** TO DO **
Pictures aside, print all of the data below exactly as written.

** Stored records **
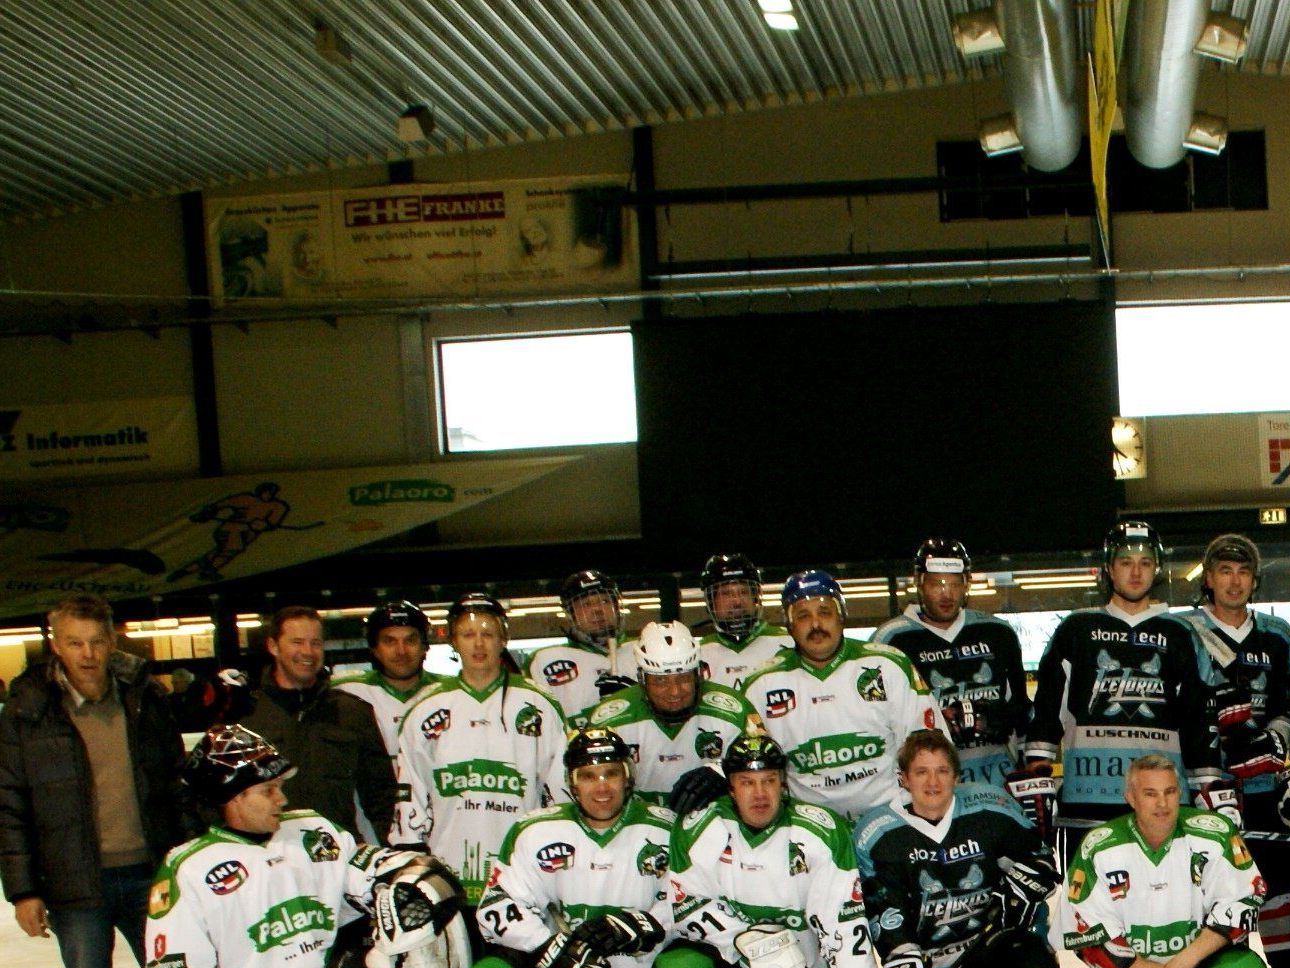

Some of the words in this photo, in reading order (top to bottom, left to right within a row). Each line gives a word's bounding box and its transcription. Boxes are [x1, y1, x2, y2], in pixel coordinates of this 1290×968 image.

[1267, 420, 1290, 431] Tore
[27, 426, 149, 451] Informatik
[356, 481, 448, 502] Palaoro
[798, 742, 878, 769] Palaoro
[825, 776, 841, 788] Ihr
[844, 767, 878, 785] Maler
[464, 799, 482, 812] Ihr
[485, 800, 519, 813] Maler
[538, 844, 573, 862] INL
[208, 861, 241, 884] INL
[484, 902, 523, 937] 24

** TASK RESPONSE **
Some of the words in this photo, in reading order (top to bottom, left to right within a row). Each line gives a word's bounding box and its transcription. Boxes are [x1, y1, x2, y2], in pixel coordinates of this 1290×968 image.

[1267, 420, 1290, 431] Tore
[27, 426, 149, 451] Informatik
[356, 481, 448, 502] Palaoro
[798, 742, 878, 769] Palaoro
[825, 776, 841, 788] Ihr
[844, 767, 878, 785] Maler
[464, 799, 482, 812] Ihr
[485, 800, 519, 813] Maler
[538, 844, 573, 862] INL
[208, 861, 241, 884] INL
[484, 902, 523, 937] 24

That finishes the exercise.